ABU DHABI // A member of the FNC has called for regular, compulsory health checks for all residents.
At this week’s FNC session, Marwan bin Ghalita (Dubai) questioned the Minister of Health, Dr Abdul Rahman Al Owais, over the ministry’s efforts to screen for common illnesses including cancer, diabetes and high blood pressure.
Dr Al Owais told Mr bin Ghalita the ministry was already carrying out routine check-ups for new mothers and their babies, and in schools.
It was also studying the most prevalent illnesses to plan strategies to battle them.
But Mr bin Ghalita said few people were actually having the health checks. He reminded the minister that the Government’s vision for 2021 on health services promises the right to a healthy life and early intervention.
“No doubt our Government is trying to provide us with health care for all Emiratis,” he said. “But there is very little culture of regular medical checks.”
Unless people were in pain or noticed an obvious change, they rarely went to the doctor, Mr bin Ghalita said.
“Many illnesses start silently”, including high blood pressure, diabetes and some cancers, he said.
“They all start silently until they take control of the body and then the pain comes. A young man found out that he has stage-four cancer in a day and night, without any previous warning.
“Four is the most dangerous. You can imagine the pain the Emirati family is in.”
Mr Ghalita said the ministry and FNC should work together to come up with a new check-up plan to ensure a “happy and healthy life”.
Dr Al Owais agreed many people were unaware of the importance of check-ups.
“The world is moving towards early intervention and trying to stop the rise of chronic illness,” he said. “These sicknesses lead to high costs. There is no solution except early intervention. It all goes back to a culture of going for check-ups.”

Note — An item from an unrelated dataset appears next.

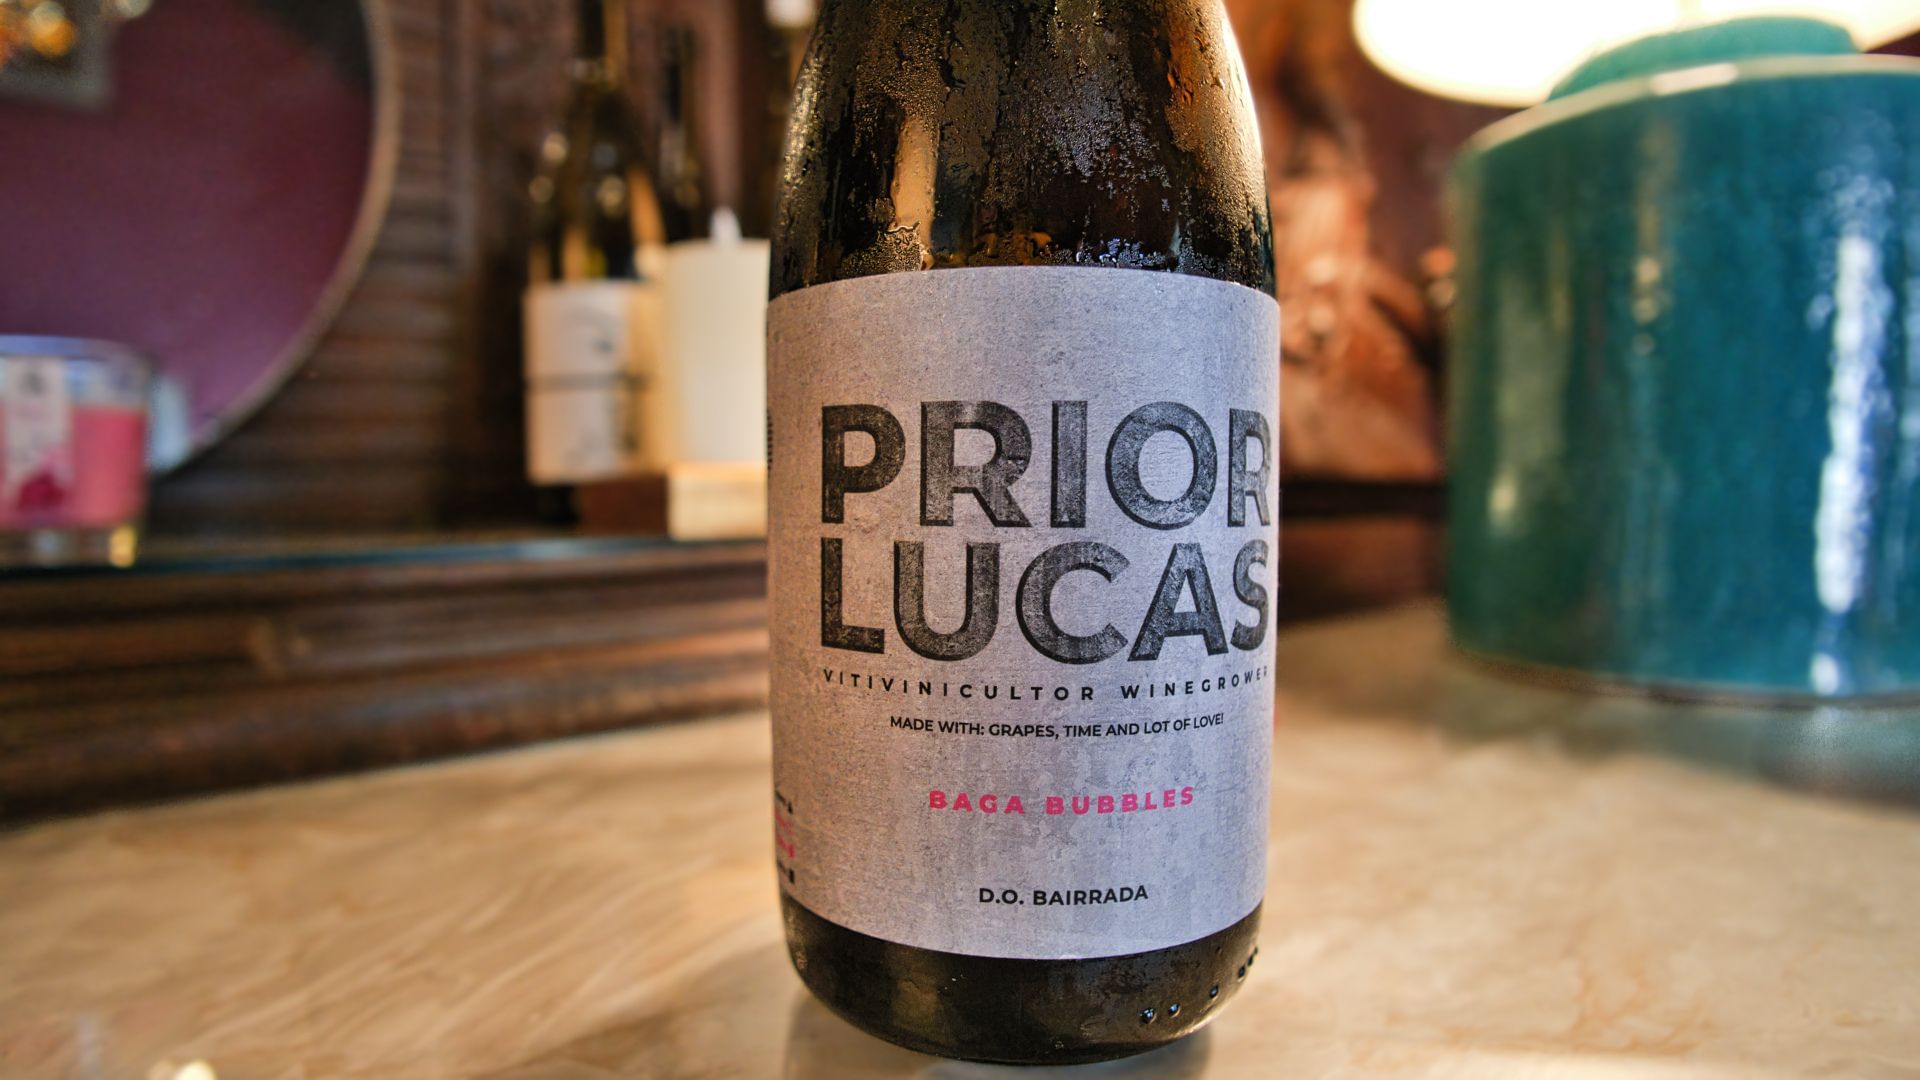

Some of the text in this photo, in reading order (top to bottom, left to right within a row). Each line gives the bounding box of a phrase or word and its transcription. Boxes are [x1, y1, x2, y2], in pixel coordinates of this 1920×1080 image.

Mr bin Ghalita said the Cabinet should be given a deadline to consider the costs of mandatory regular health check-ups for all those between the ages of five and 10, and 30 and 40.
Results of the study needed to be referred back to the FNC, he said.
“From my personal experience, when studying in America, we had to do a health check-up before every semester or else we could not register,” Mr bin Ghalita said.
“We want this to be legally mandatory for the whole country, with a time limit for it to be studied.”
Dr Mona Al Bahar (Dubai) expressed concern over the rise in hospital bugs.
She said it was possible hospital cleaners were helping to spread bacteria unintentionally, and that corners should not be cut.
Dr Al Owais said the ministry was planning to make changes to hospital cleaning.